L’intervento, finanziato tramite ordinanza del commissario straordinario, consiste nella riparazione dei danni del sisma, in particolare il consolidamento delle volte strutturali e delle murature verticali, e la contestuale revisione, messa in sicurezza e ripristino degli elementi decorativi.
L’intervento di restauro è stato progettato dall’architetto Stefano Pasquali in collaborazione con gli ingegneri Daniele Menghi e Aldo Tuzio e Milko Morichetti, col coordinamento dell’Ufficio Sisma della Diocesi di Macerata, e verrà eseguito dall’impresa Paolini Simone srl.
L’impianto originario della chiesa risale al X secolo; dedicata all’Assunta, fu poi soprannominata "della Porta" poiché adiacente alla porta meridionale dell’antico Castello di Macerata.

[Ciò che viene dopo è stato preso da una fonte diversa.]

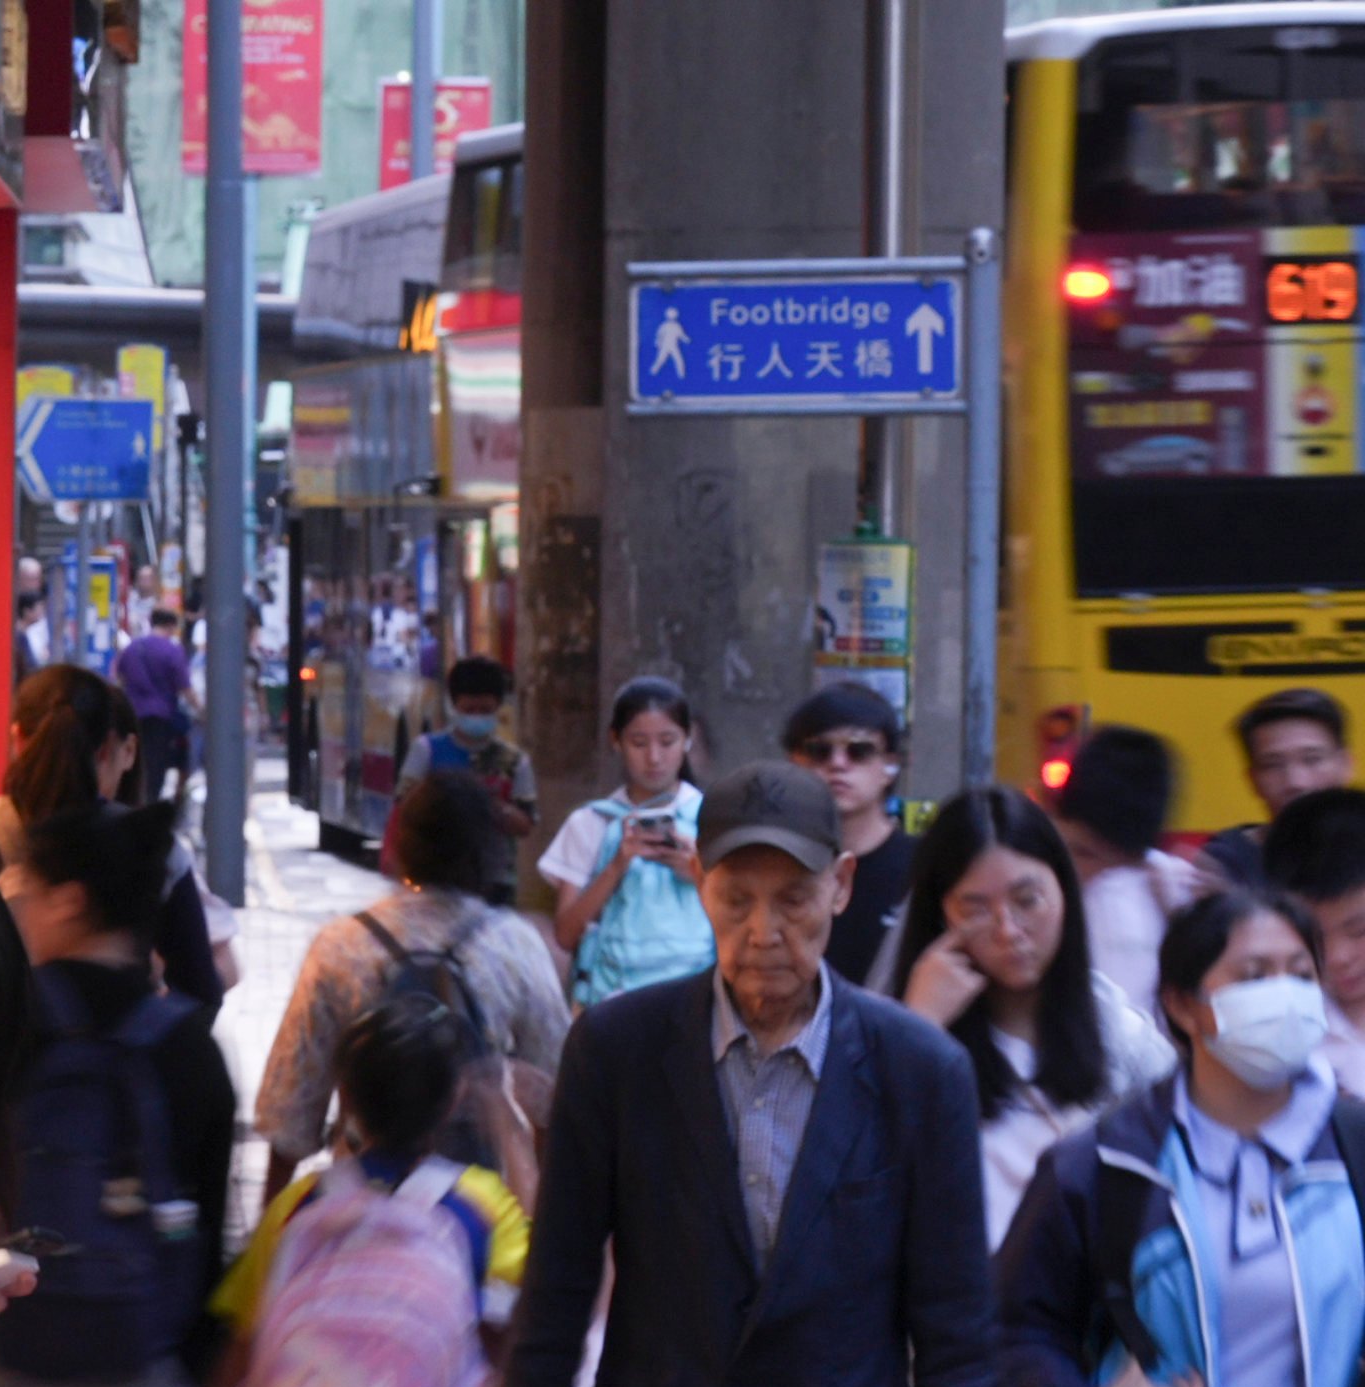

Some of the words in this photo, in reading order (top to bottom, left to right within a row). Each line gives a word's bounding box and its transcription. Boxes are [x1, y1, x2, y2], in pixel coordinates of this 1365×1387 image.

[710, 297, 891, 329] Footbridge
[708, 340, 892, 381] 行人天橋

"I lavori restituiranno ai maceratesi la chiesa superiore che tornerà alla sua funzione di luogo di culto, preghiera e meditazione – ha detto il vescovo -. Non solo, la Diocesi è particolarmente impegnata anche nella valorizzazione della parte inferiore del complesso, più antica e di grande rilevanza storica e artistica, per lungo tempo sottoutilizzata. L’obiettivo è far tornare questi spazi alla comunità entro un anno".
Il sindaco ha aggiunto: "Si tratta di un luogo straordinario, un vero gioiello incastonato nel cuore di Macerata che racchiude in sé strati di storia antichissima. Sarà restituito alla città un bene culturale più sicuro e più bello, grazie al restauro delle superfici decorate, offese dal terremoto. Custodire la nostra storia significa garantire un futuro alla nostra attrattività".